HIV Silencing and Cell Survival Signatures in Infected T cell Reservoirs

Rare CD4 T cells that harbor HIV under antiretroviral therapy (ART) represent an important barrier to HIV cure1-3, but the infeasibility of isolating and characterizing these cells in their natural state has led to uncertainty about whether they possess distinctive attributes that HIV cure-directed therapies might exploit. Here, we addressed this challenge using a microfluidic technology that isolates HIV-infected cell transcriptomes based solely on HIV DNA detection. HIV DNA+ memory CD4 T cells in blood from people receiving ART showed inhibition of six transcriptomic pathways including death receptor signaling, necroptosis signaling, and antiproliferative G12/13 signaling. Moreover, two groups of genes identified by network co-expression analysis were significantly associated with HIV DNA+ cells.
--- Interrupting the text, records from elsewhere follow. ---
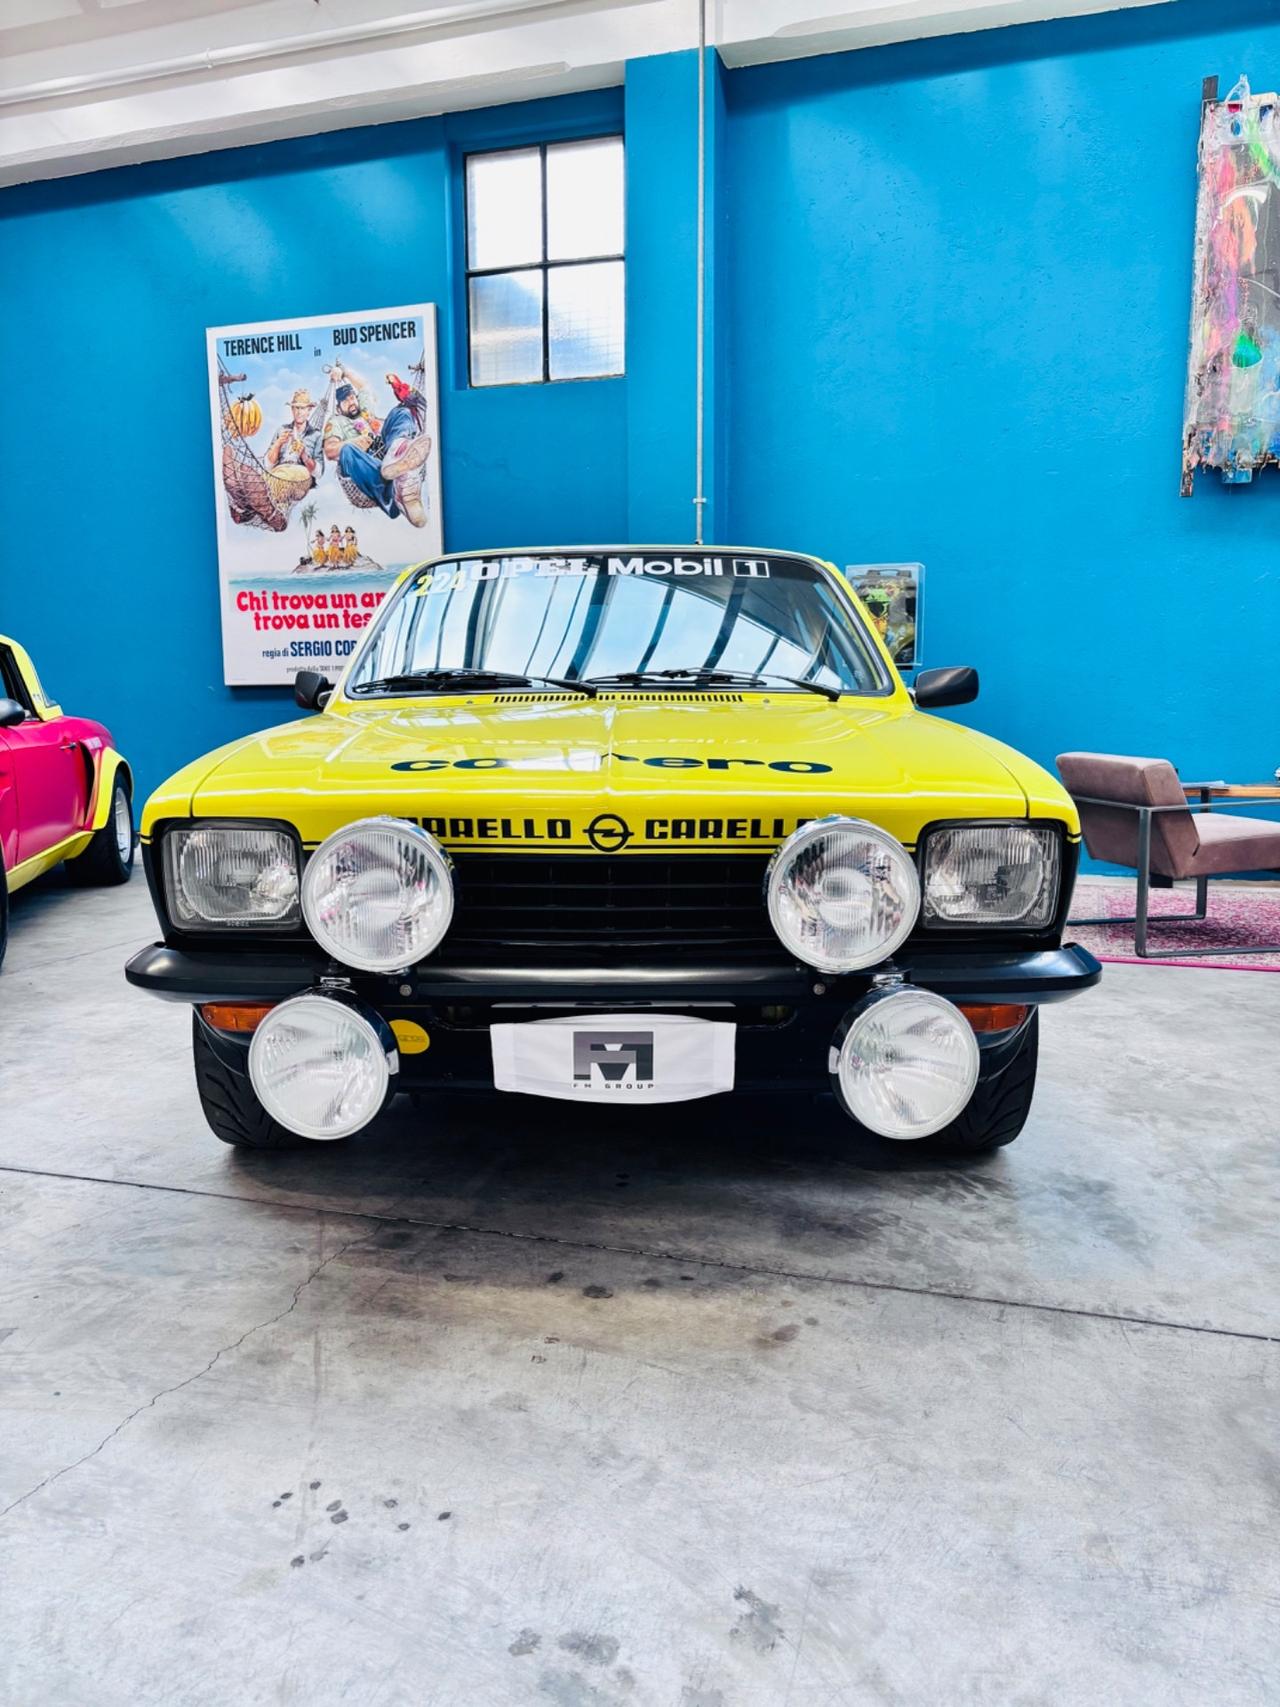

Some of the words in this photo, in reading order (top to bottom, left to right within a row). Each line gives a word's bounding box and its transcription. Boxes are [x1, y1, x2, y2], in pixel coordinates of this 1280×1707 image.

[333, 327, 358, 346] BUD
[360, 320, 416, 343] SPENCER
[223, 336, 274, 357] TERENCE
[277, 333, 302, 352] HILL
[607, 557, 724, 576] Mobil
[236, 590, 269, 612] Chi
[272, 591, 328, 611] trova
[331, 593, 358, 609] un
[254, 612, 310, 631] trova
[313, 613, 340, 629] un
[262, 648, 281, 659] regia
[282, 648, 289, 657] di
[290, 640, 332, 657] SERGIO
[645, 818, 818, 840] CARELL
These genes (n = 145) accounted for just 0.81% of the measured transcriptome and included negative regulators of HIV transcription that were higher in HIV DNA+ cells, positive regulators of HIV transcription that were lower in HIV DNA+ cells, and other genes involved in negative regulation of mRNA translation, additional RNA processing, and regulation of cell state and fate. These findings reveal HIV-infected memory CD4 T cells under ART as a distinctive population whose host transcriptomic patterns favor HIV silencing, cell survival, and cell proliferation, with important implications for the development of HIV cure strategies.